- Monticello Township, Minnesota Location within the state of Minnesota Monticello Township, Minnesota Monticello Township, Minnesota (the United States)
- Coordinates: 45°16′34″N 93°48′17″W﻿ / ﻿45.27611°N 93.80472°W
- Country: United States
- State: Minnesota
- County: Wright

Area
- • Total: 43.4 sq mi (112.5 km^{2})
- • Land: 40.1 sq mi (103.9 km^{2})
- • Water: 3.3 sq mi (8.6 km^{2})
- Elevation: 971 ft (296 m)

Population (2000)
- • Total: 4,139
- • Density: 103/sq mi (39.8/km^{2})
- Time zone: UTC-6 (Central (CST))
- • Summer (DST): UTC-5 (CDT)
- Area code: 763
- FIPS code: 27-43792
- GNIS feature ID: 0665015
- Website: https://monticellotownship.net/

= Monticello Township, Wright County, Minnesota =

Monticello Township is a township in Wright County, Minnesota, United States. The population was 4,139 at the 2000 census.

Monticello Township was organized in 1858. The David Hanaford Farmstead, with surviving buildings from the 1870s, is on the National Register of Historic Places.

==Geography==
According to the United States Census Bureau, the township has a total area of 43.5 sqmi, of which 40.1 sqmi is land and 3.3 sqmi) (7.66%) is water.

==Demographics==
At the 2000 census, there were 4,139 people, 1,318 households and 1,093 families residing in the township. The population density was 103.2 /sqmi. There were 1,357 housing units at an average density of 33.8 /sqmi. The racial make-up of the township was 97.37% White, 0.24% African American, 0.58% Native American, 0.53% Asian, 0.02% Pacific Islander, 0.51% from other races and 0.75% from two or more races. Hispanic or Latino of any race were 1.50% of the population.

There were 1,318 households, of which 46.8% had children under the age of 18 living with them, 71.7% were married couples living together, 7.1% had a female householder with no husband present and 17.0% were non-families. 11.3% of all households were made up of individuals, and 3.1% had someone living alone who was 65 years of age or older. The average household size was 3.10 and the average family size was 3.37.

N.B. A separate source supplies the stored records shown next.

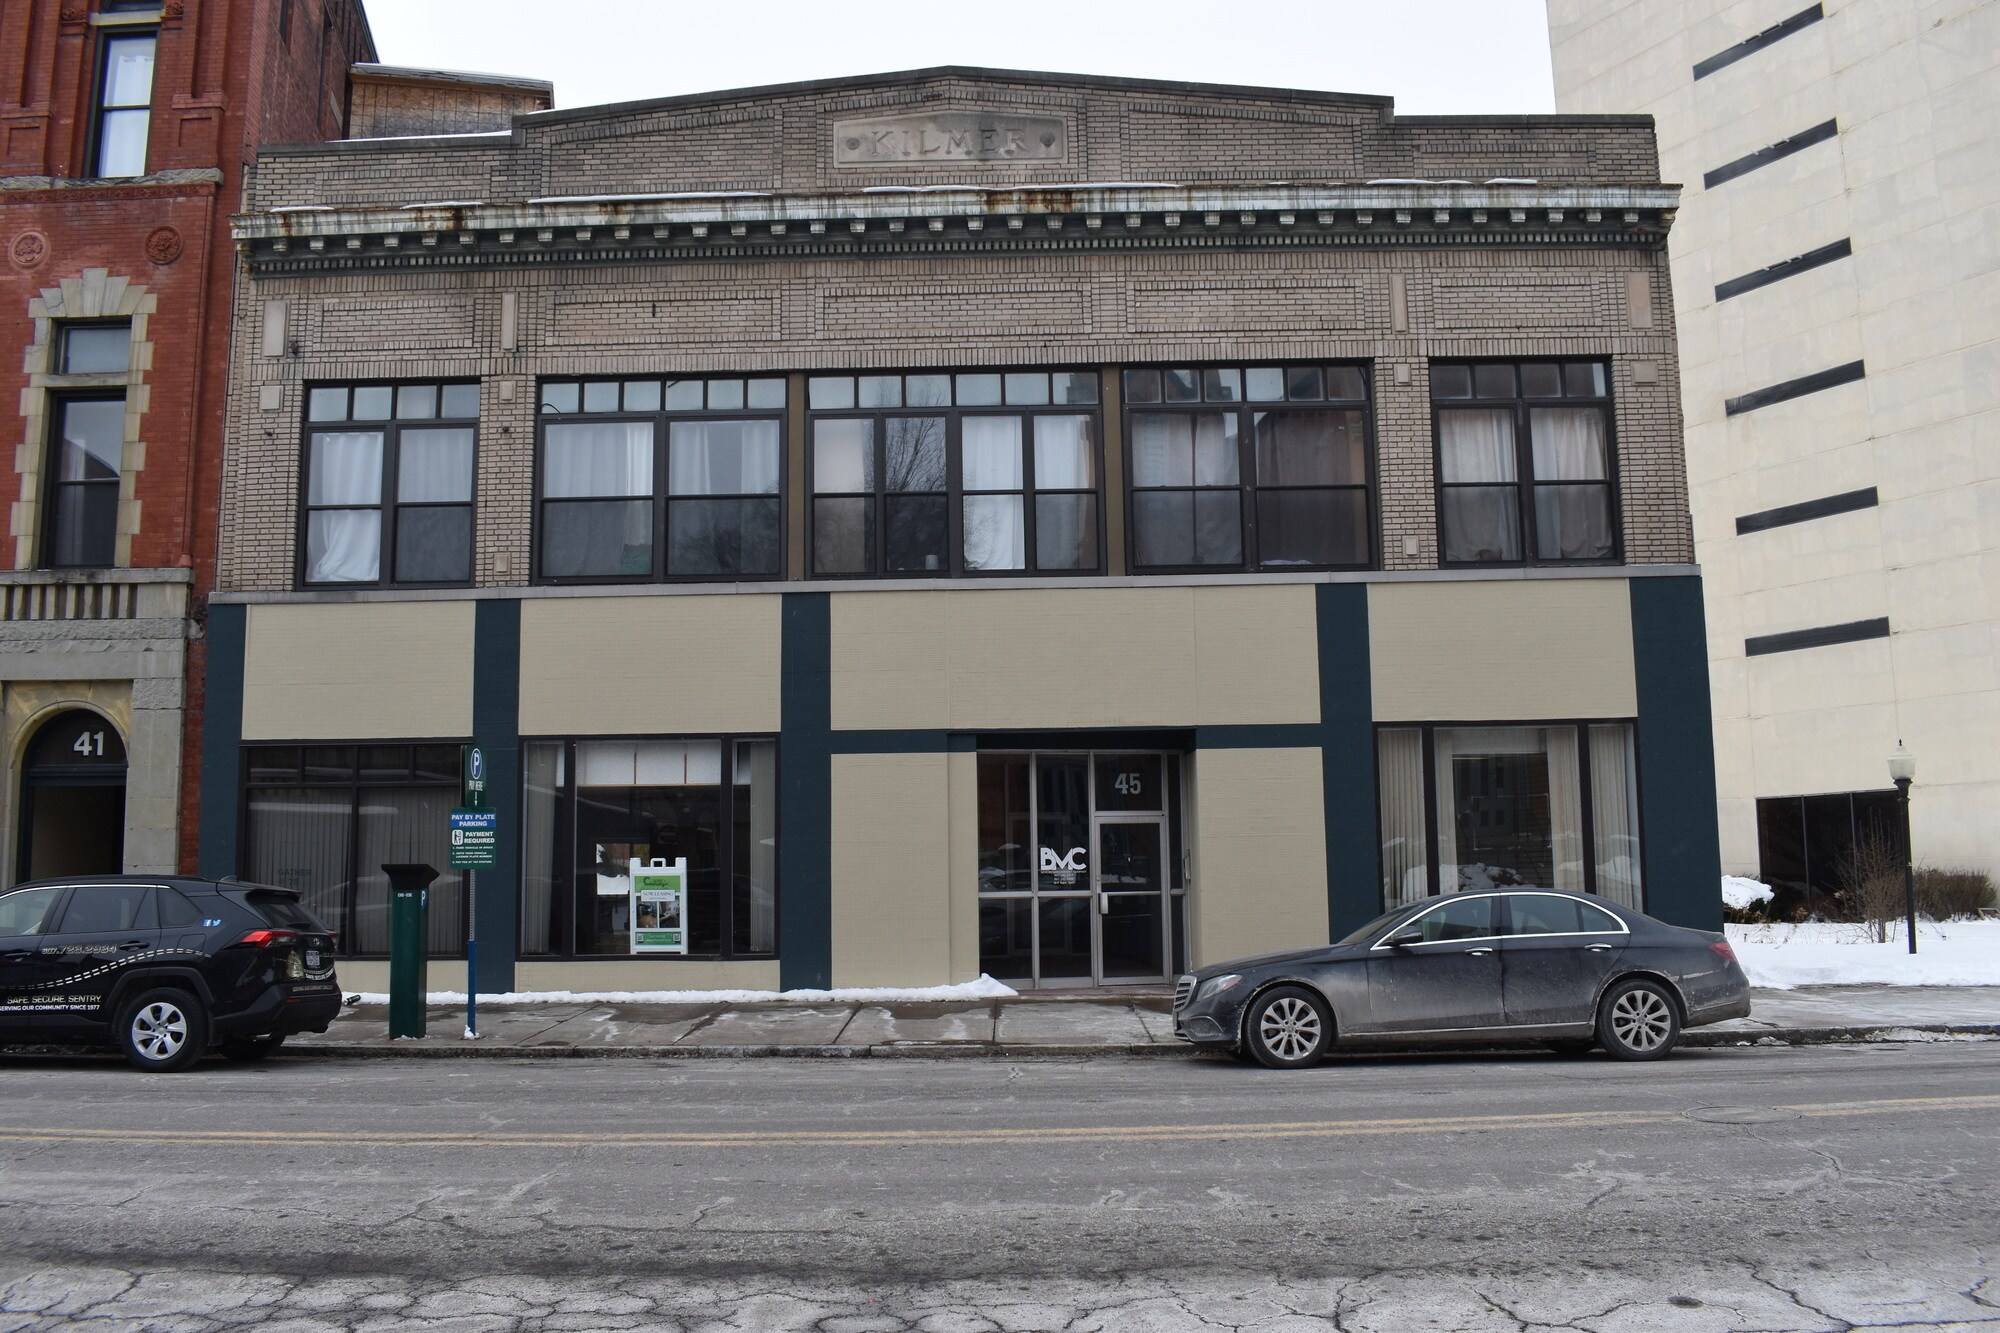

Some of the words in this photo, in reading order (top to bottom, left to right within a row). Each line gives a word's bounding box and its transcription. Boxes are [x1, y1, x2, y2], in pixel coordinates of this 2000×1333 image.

[871, 128, 1027, 156] KILMER
[73, 731, 104, 756] 41
[1114, 772, 1142, 795] 45
[1040, 847, 1087, 870] BMC
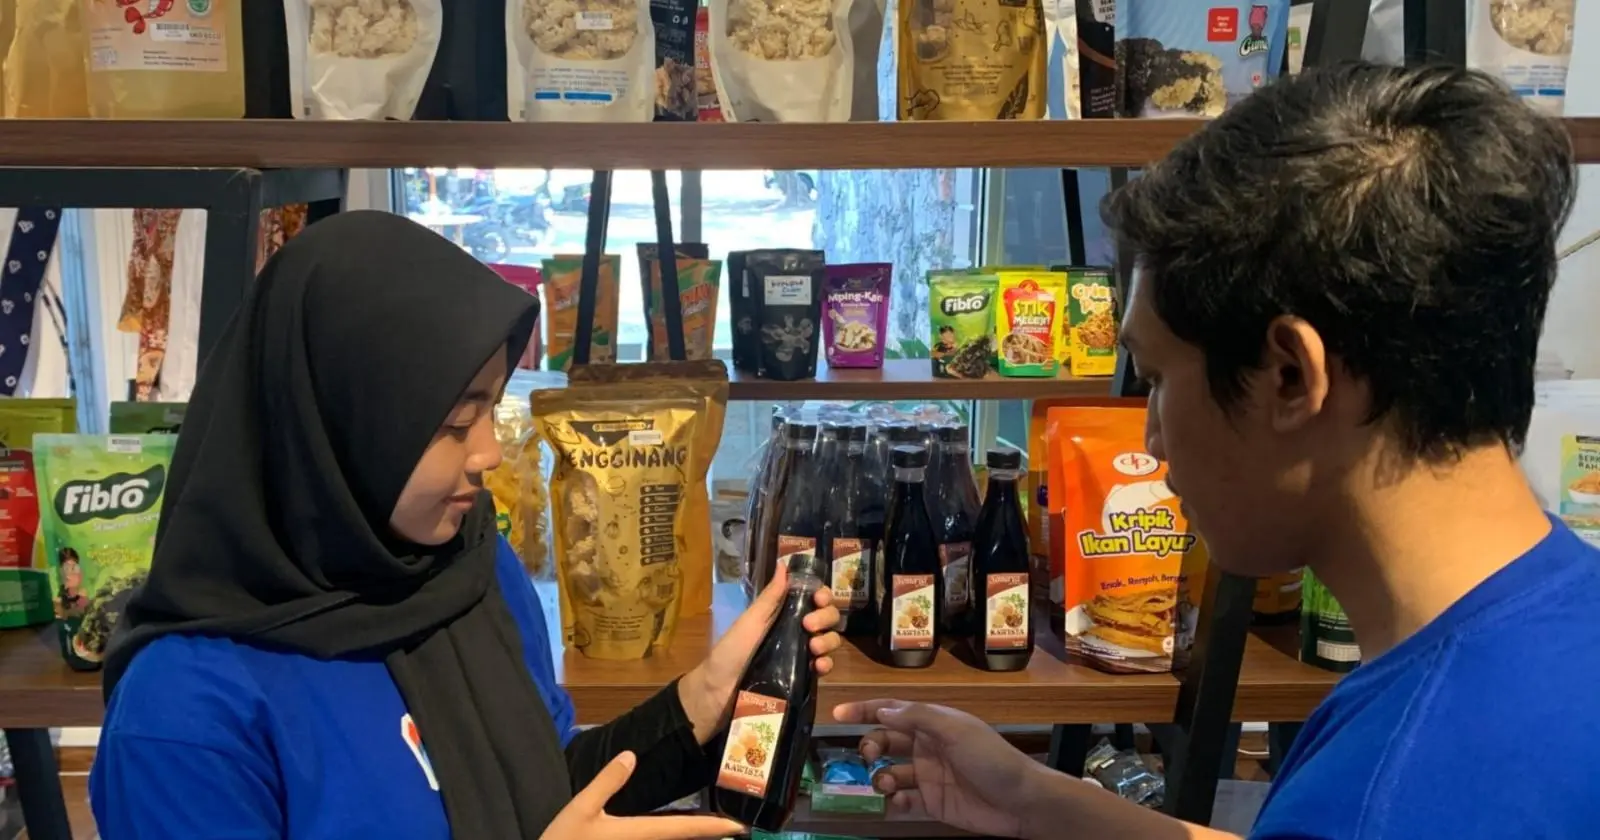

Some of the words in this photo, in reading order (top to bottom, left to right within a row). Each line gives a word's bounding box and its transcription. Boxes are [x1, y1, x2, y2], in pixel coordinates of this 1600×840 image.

[944, 295, 985, 312] Fibro
[1014, 299, 1049, 317] STIK
[562, 446, 687, 469] ENGGINANG
[63, 478, 150, 514] Fibro
[1110, 508, 1174, 532] Kripik
[1080, 531, 1131, 556] Ikan
[1132, 530, 1196, 557] Layur
[725, 763, 764, 778] KAWISTA
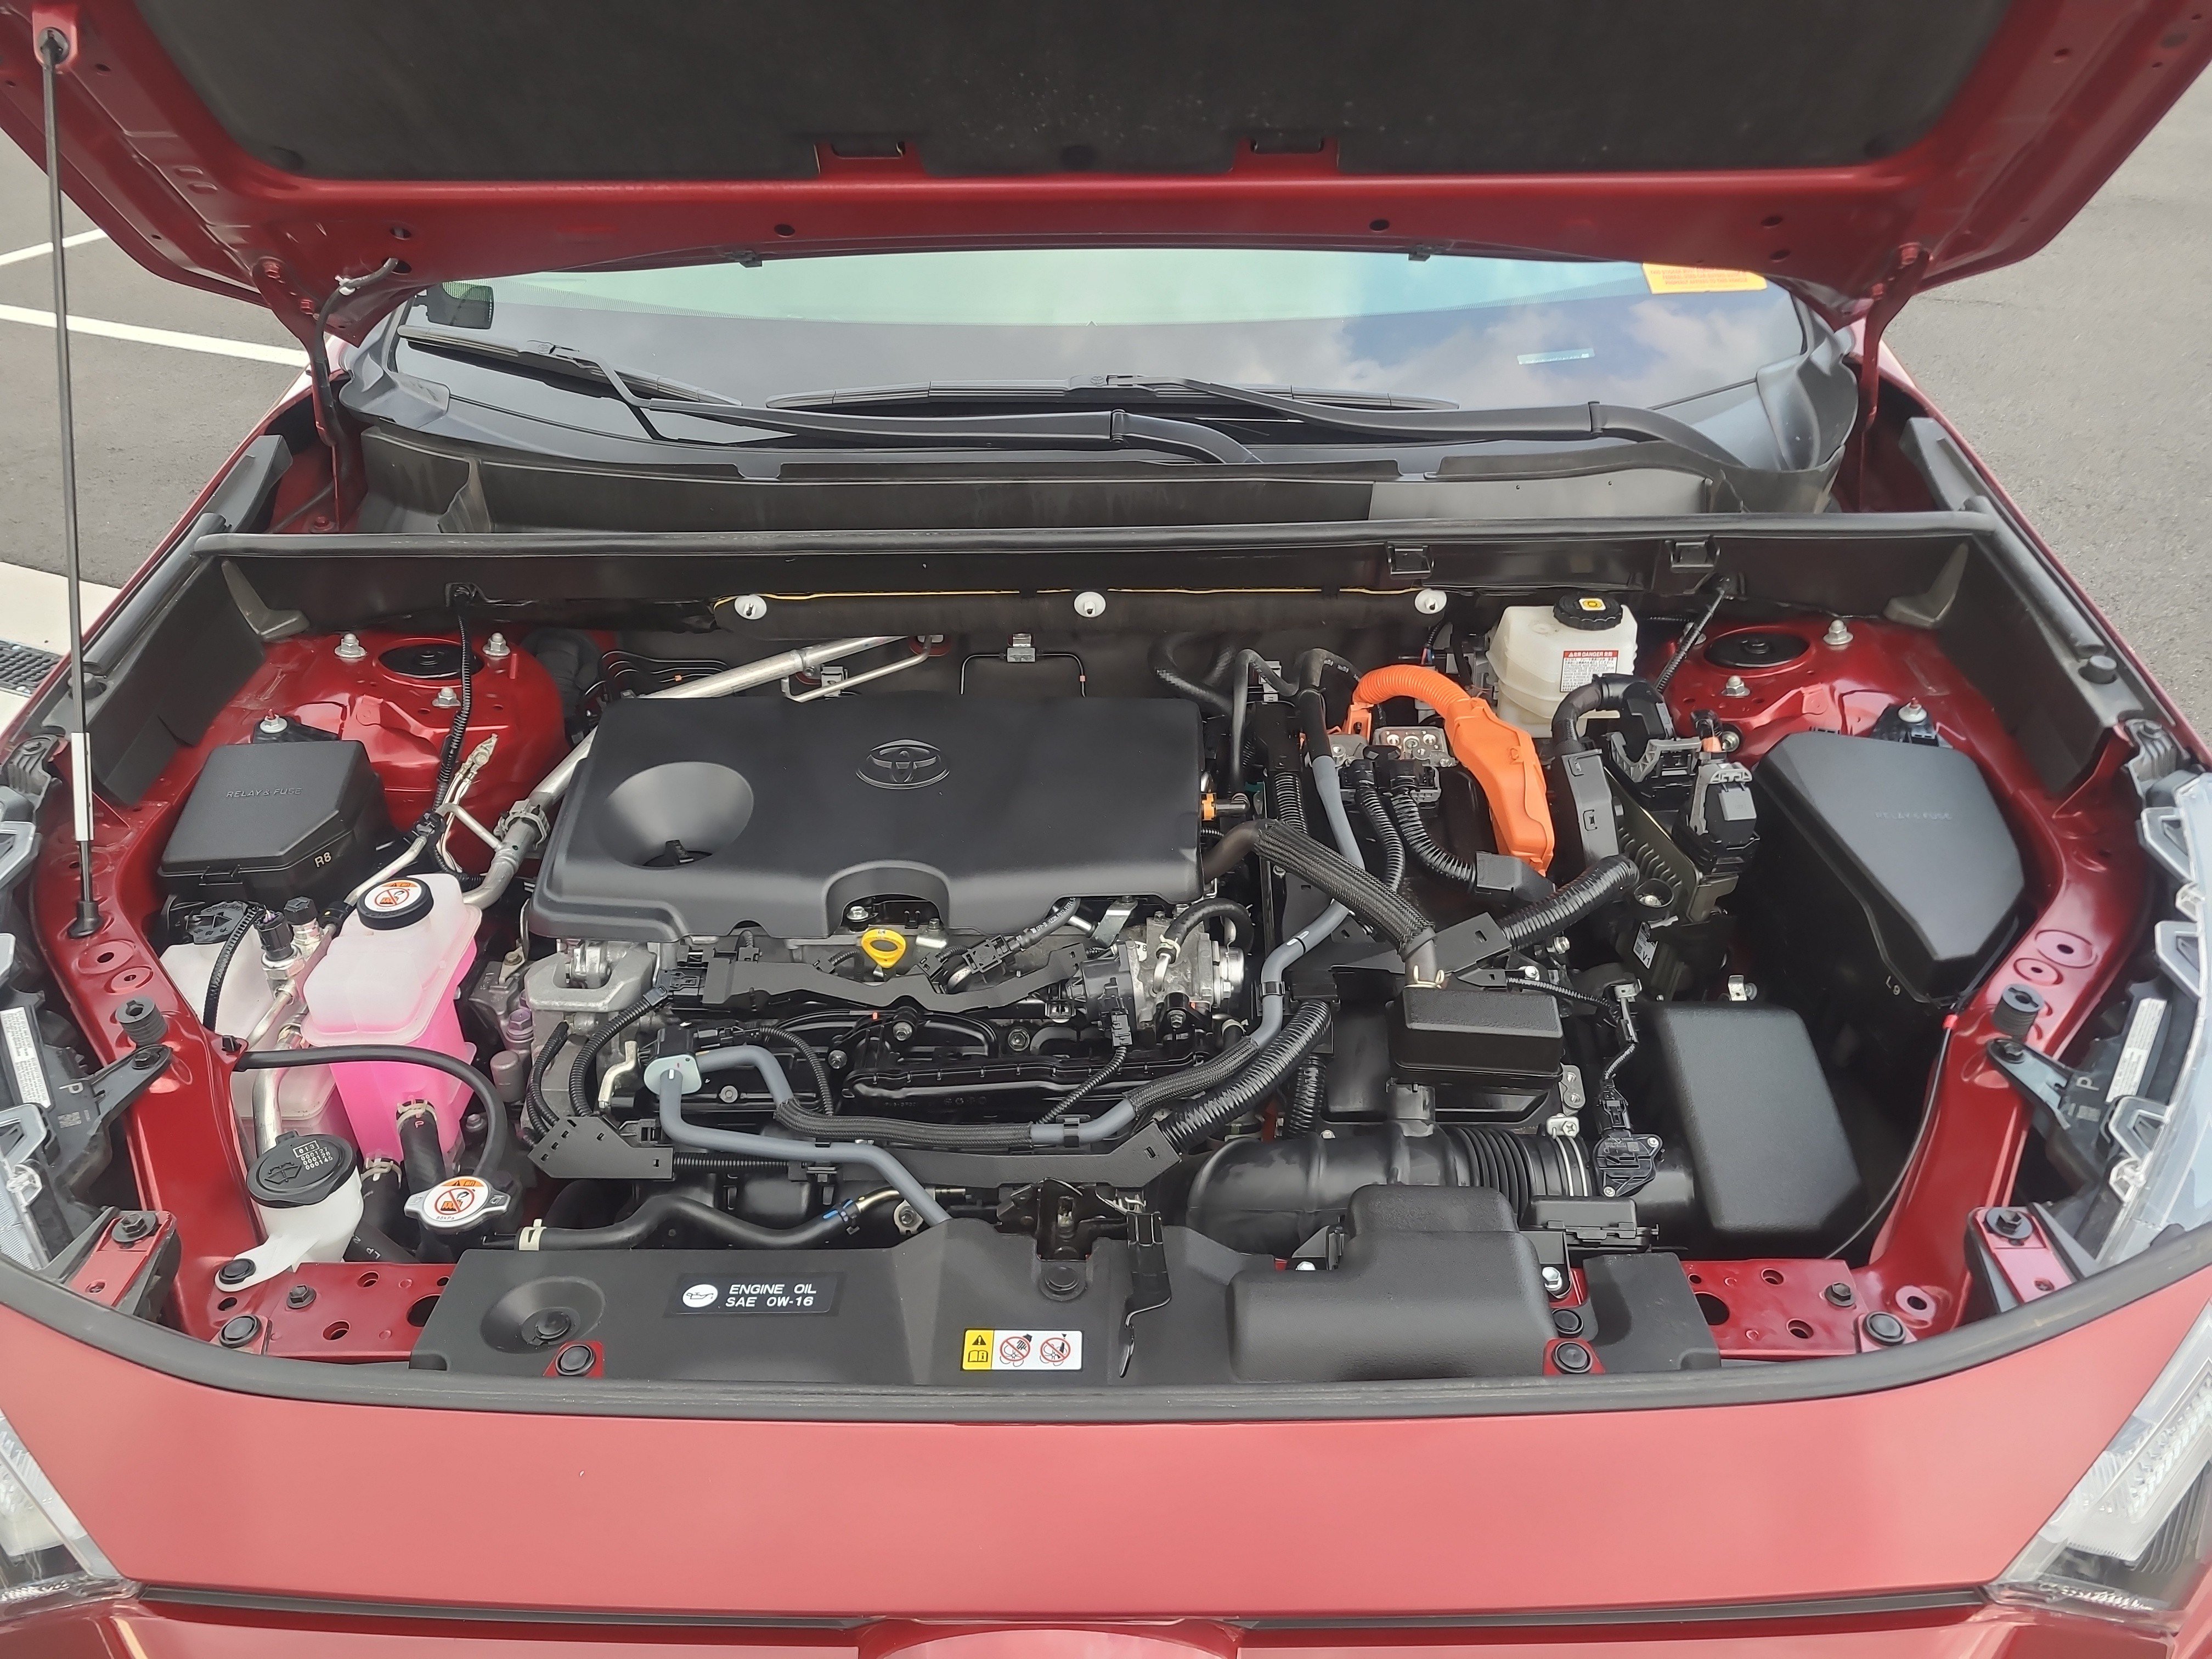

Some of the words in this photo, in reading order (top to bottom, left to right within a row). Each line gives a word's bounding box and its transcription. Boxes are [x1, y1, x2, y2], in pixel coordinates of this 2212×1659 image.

31.5% of the population were under the age of 18, 8.1% from 18 to 24, 31.4% from 25 to 44, 22.5% from 45 to 64 and 6.5% were 65 years of age or older. The median age was 34 years. For every 100 females, there were 100.9 males. For every 100 females age 18 and over, there were 101.9 males.

The median household income was $57,527 and the median family income was $61,857. Males had a median income of $39,656 and females $26,675. The per capita income was $21,154. About 4.0% of families and 3.6% of the population were below the poverty line, including 4.6% of those under age 18 and 5.5% of those age 65 or over.